Teano. Il Preside Guarriello ha pubblicato un nuovo libro su San Giuliano, Cappelle e Fontanelle

(di Paolo Mesolella) TEANO. A CAPPELLE L’INCONTRO DELLE TRE MADONNE DOVE CARMELA VIDE LA VERGINE DELLE GRAZIE
E’ stato appena pubblicato l’ultimo interessante libro del preside Renato Guarriello: “Fontanelle, San Giuliano, Cappelle”. Un trittico tra natura, storia ed arte, che ripercorre anche la storia del santuario “Maria SS. delle Grazie di Cappelle, nato sul luogo dove la giovanissima Carmela vide la Madonna. Il saggio, edito da Caramanica, con la presentazione di Giuseppe Lacetera e le immagini di Luigi Laurenza si avvale della collaborazione di Anna Marrese. Renato Guarriello, quindi, ritorna a pubblicare un libro sulle frazioni di Teano. Nell’ottobre 2015 parlò di San Marco di Teano, nell’aprile 2019 di Pugliano. Ma perché pubblicare un libro anche sulle frazioni di San Giuliano, Cappelle e Fontanelle? Per far conoscere la storia, l’arte, la fede, la natura e le tradizioni di tre luoghi straordinari.
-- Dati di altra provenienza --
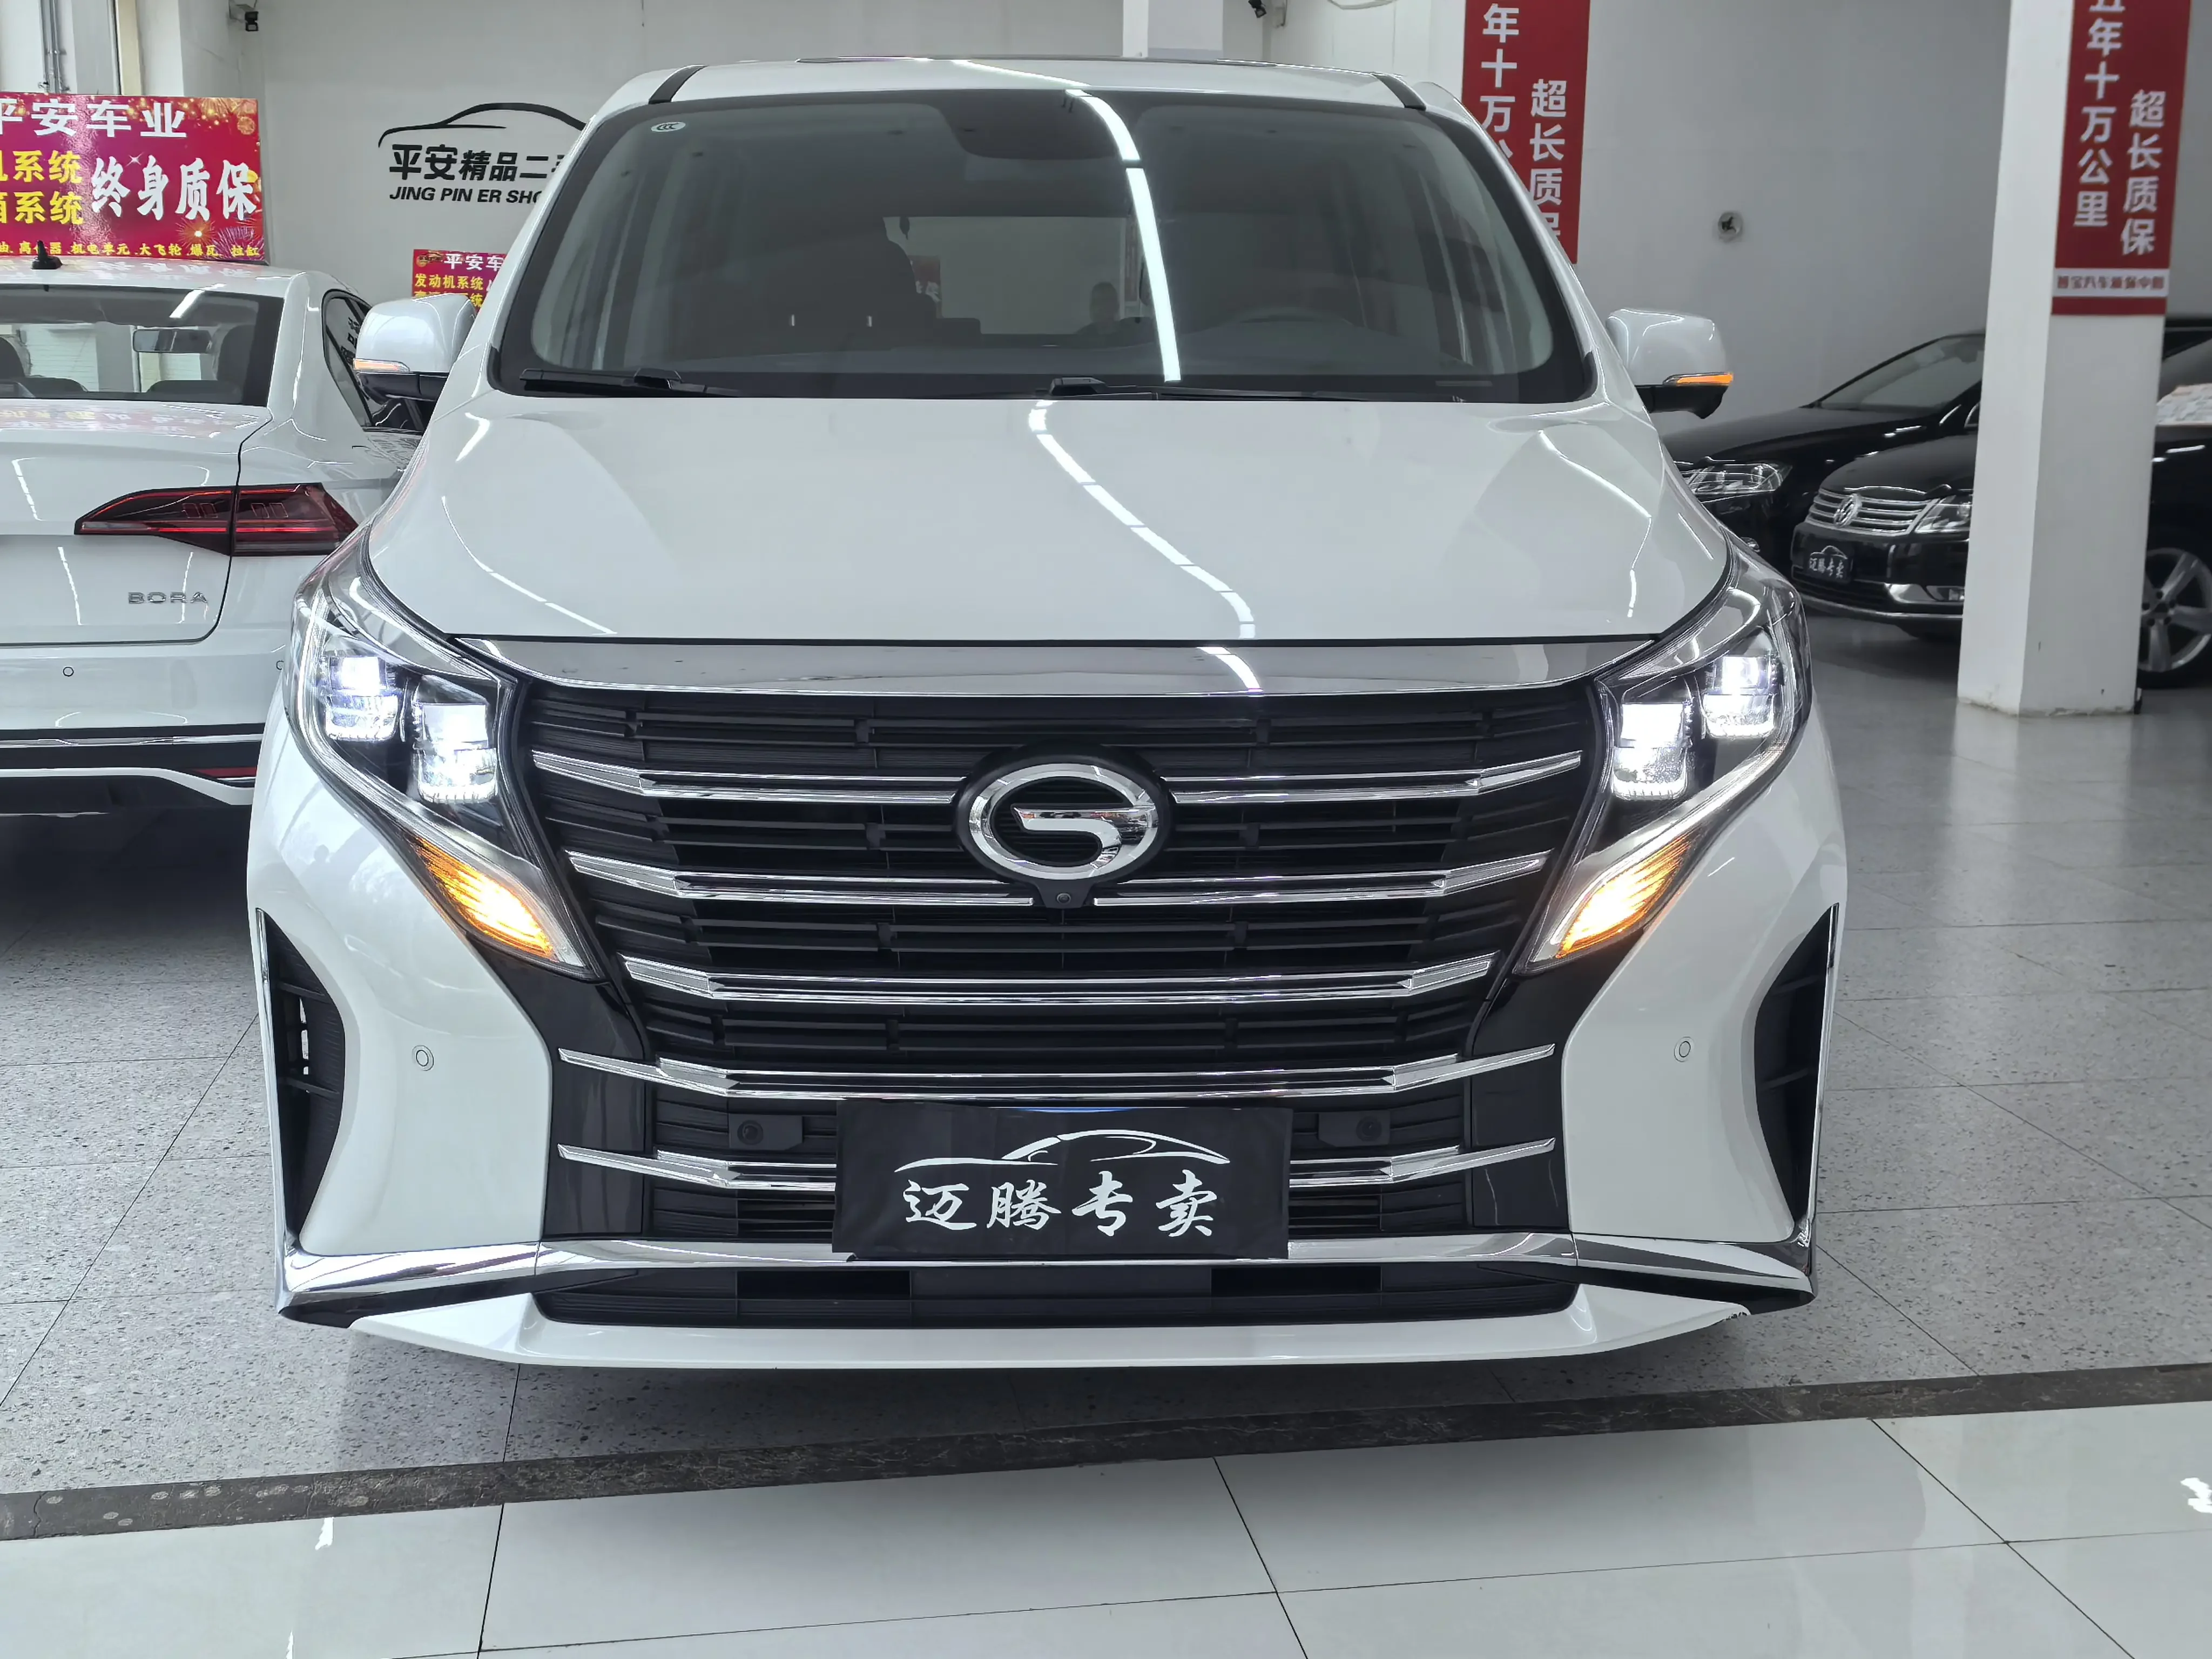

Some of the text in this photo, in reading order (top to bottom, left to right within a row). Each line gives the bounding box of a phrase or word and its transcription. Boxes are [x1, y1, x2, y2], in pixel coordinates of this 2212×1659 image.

[1478, 3, 1519, 158] 年十万
[0, 150, 83, 184] 系统
[389, 144, 565, 181] 平安精品二
[2120, 89, 2166, 255] 超长质保
[91, 154, 257, 221] 终身质保
[389, 186, 436, 201] JING
[440, 187, 473, 202] PIN
[477, 189, 501, 203] ER
[0, 191, 84, 225] 系统
[415, 273, 484, 291] 发动机系统
[128, 592, 208, 604] BORA
[903, 1170, 1219, 1237] 迈腾专卖
Mi piace ricordare soprattutto il santuario “Maria SS. delle Grazie di Cappelle ed il tradizionale “incontro delle tre Madonne” che si ripete ogni anno sul luogo del miracolo. La tradizione, infatti, vuole che nel lontano 1200 , un’umile fanciulla di Fontanelle, Valeria Vicario invocò e vide la Madonna delle Grazie dopo essersi spaventata all’interno di una grotta e la Vergine poi l’accompagnò fino a metà della strada per Fontanelle. Nella grotta era entrata con il padre a cercare un tesoro nascosto da alcuni briganti. Dopo il prodigioso evento, ben presto tre, diverse frazioni di Teano decisero di avere la Madonna come loro patrona: Cappelle, Fontanelle e San Giuliano e di festeggiarla ogni anno, il lunedì in albis, portando in processione tre statue sul luogo del prodigio. Da Fontanelle fino a qualche anno fa, la statua veniva portata in processione a spalla attraverso un’antica mulatiera.
Il santuario di Cappelle di Teano, dicevamo, è documentato dal 1688: sarebbe sorto su una precedente edicola ed è stato poi ingrandito nel 1968, grazie all’allora parroco don Domenico Mottola. La Madonna delle Grazie, quindi, è patrona di tutti e tre i paesi e il Lunedì in Albis, davanti al santuario, considerato il luogo del miracolo, si incontrano le processioni provenienti da Cappelle, San Giuliano e Fontanelle con le rispettive statue della Madonna: l’immagine dell’Assunta di Cappelle, la madonna del Rosario di Fontanelle, l’Immacolata di San Giuliano. Quest’incontro di fedeli con la statua in processione viene chiamato “L’incontro delle tre Madonne”. Poi, terminata la celebrazione, ciascuna confraternita, in processione con i fedeli delle frazioni si ritira nella propria chiesa parrocchiale. Nell’attuale santuario di Cappelle è rimasto il bellissimo ritratto della Madonna che copre l’antico affresco, dove il pittore (probabilmente teanese) ha raffigurato anche San Leonardo, il protettore degli schiavi e il liberatore degli ossessi, e san Paride, patrono di Teano e la citttà è appena visibile nel quadro. Nel 1678 nella chiesa è stata costruita una piccola cella per l’eremita, posta alle spalle dell’altare della Madonna. L’eremita, che puliva la chiesa e accendeva tutti i giorni la lampada votiva alla Madonna, poteva essere anche forestero o una donna come l’eremita Raffaele Ferraiuolo da Caserta e Maria Nicolina De Monaco di San Marco morta nel 1963. Un libro interessante e prezioso questo del preside Renato Guarriello, attualmente a riposo, perchè ci ricorda il culto e le tradizioni locali dei piccoli borghi e che si aggiunge agli altri che ci ricordano la Madonna degli Angeli di Pugliano, la Madonna del Carmine di San Marco e costitiscono per Teano un tesoro da visitare e da non dimenticare.